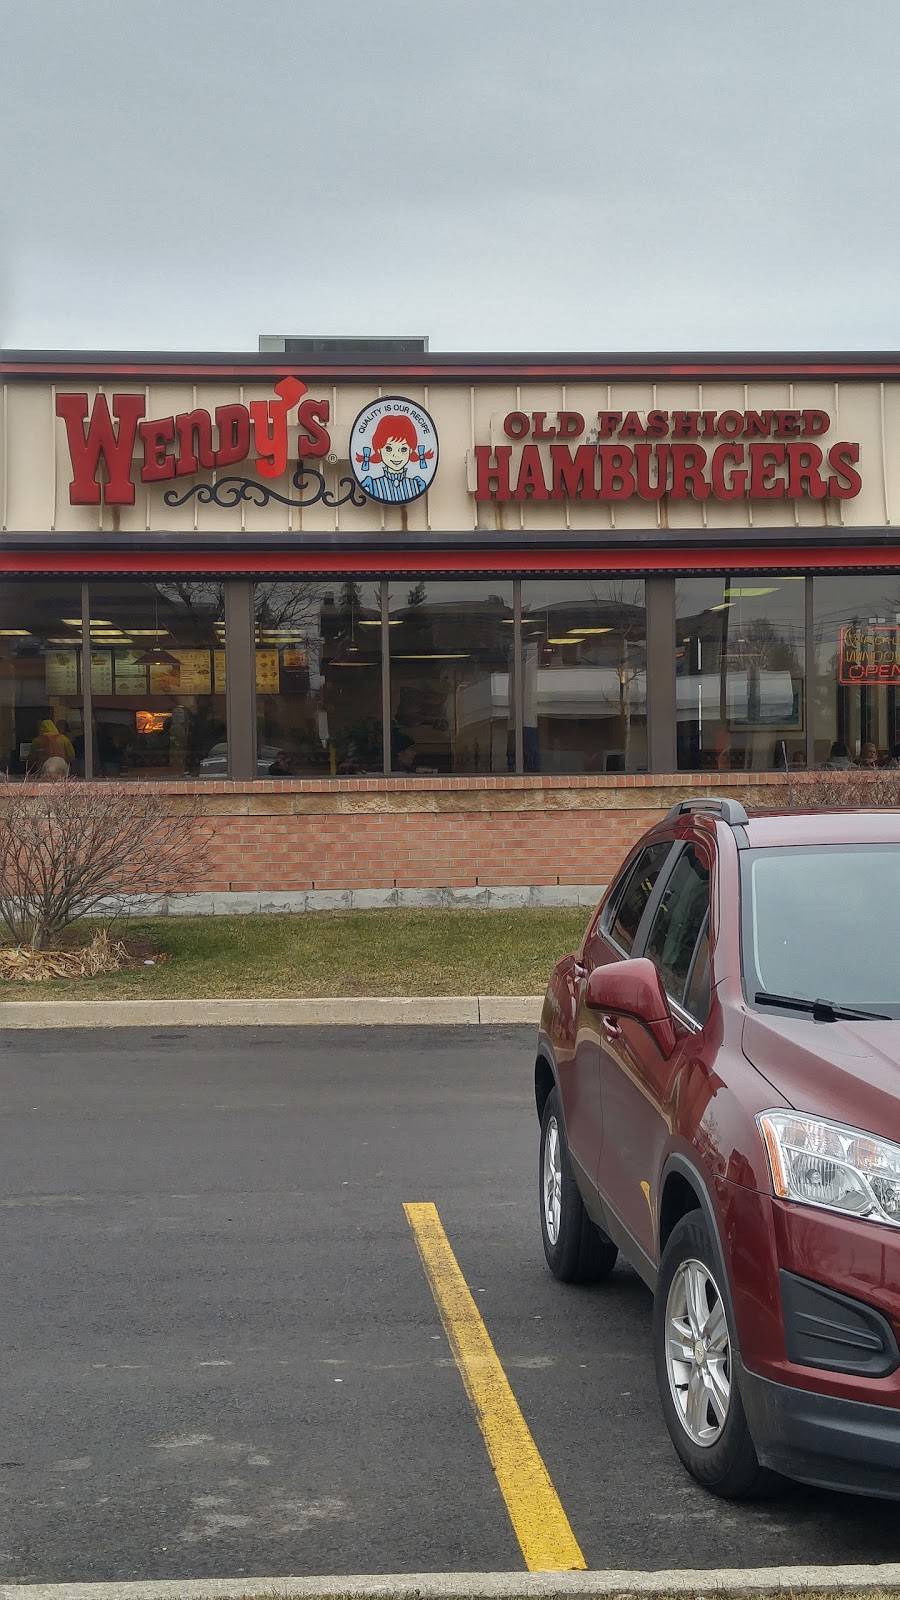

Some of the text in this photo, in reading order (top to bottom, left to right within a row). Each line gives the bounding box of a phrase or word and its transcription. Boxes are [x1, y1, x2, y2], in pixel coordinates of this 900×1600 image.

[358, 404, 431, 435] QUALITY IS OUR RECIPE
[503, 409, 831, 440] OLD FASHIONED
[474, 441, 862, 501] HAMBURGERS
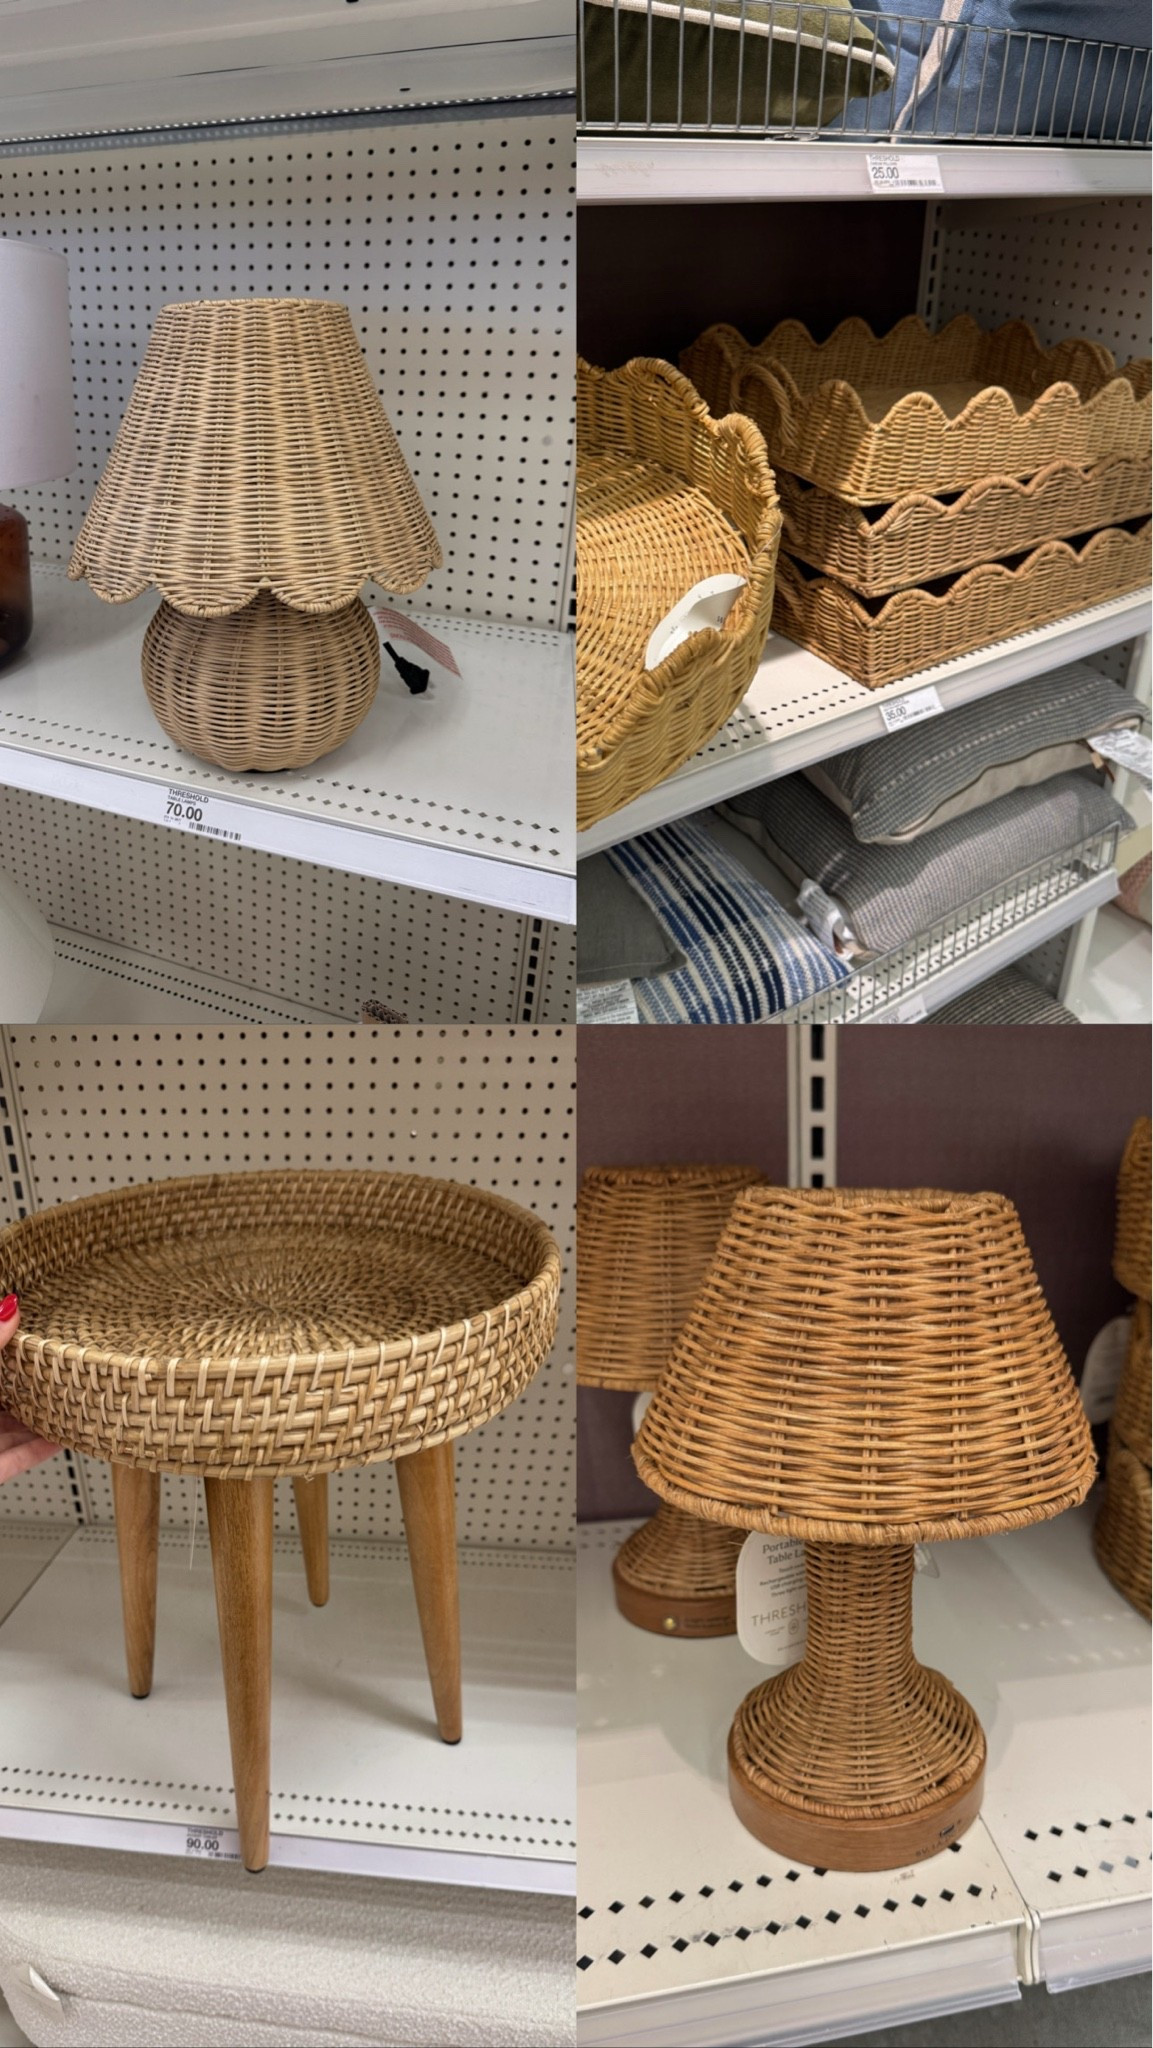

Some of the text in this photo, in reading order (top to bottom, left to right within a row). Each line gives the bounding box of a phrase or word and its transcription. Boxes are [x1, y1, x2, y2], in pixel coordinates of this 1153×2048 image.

* * *

Task goal: What is needed is an exact copy of the entries above, with no images in it.

Result:
Some of the text in this photo, in reading order (top to bottom, left to right within a row). Each line gives the bounding box of a phrase or word and its transcription. Boxes are [x1, y1, x2, y2], in pixel coordinates of this 900×1600 image.

[358, 404, 431, 435] QUALITY IS OUR RECIPE
[503, 409, 831, 440] OLD FASHIONED
[474, 441, 862, 501] HAMBURGERS

Some of the text in this photo, in reading order (top to bottom, left to right within a row). Each line gives the bounding box of a phrase or word and its transcription. Boxes are [x1, y1, x2, y2], in pixel coordinates of this 1153×2048 image.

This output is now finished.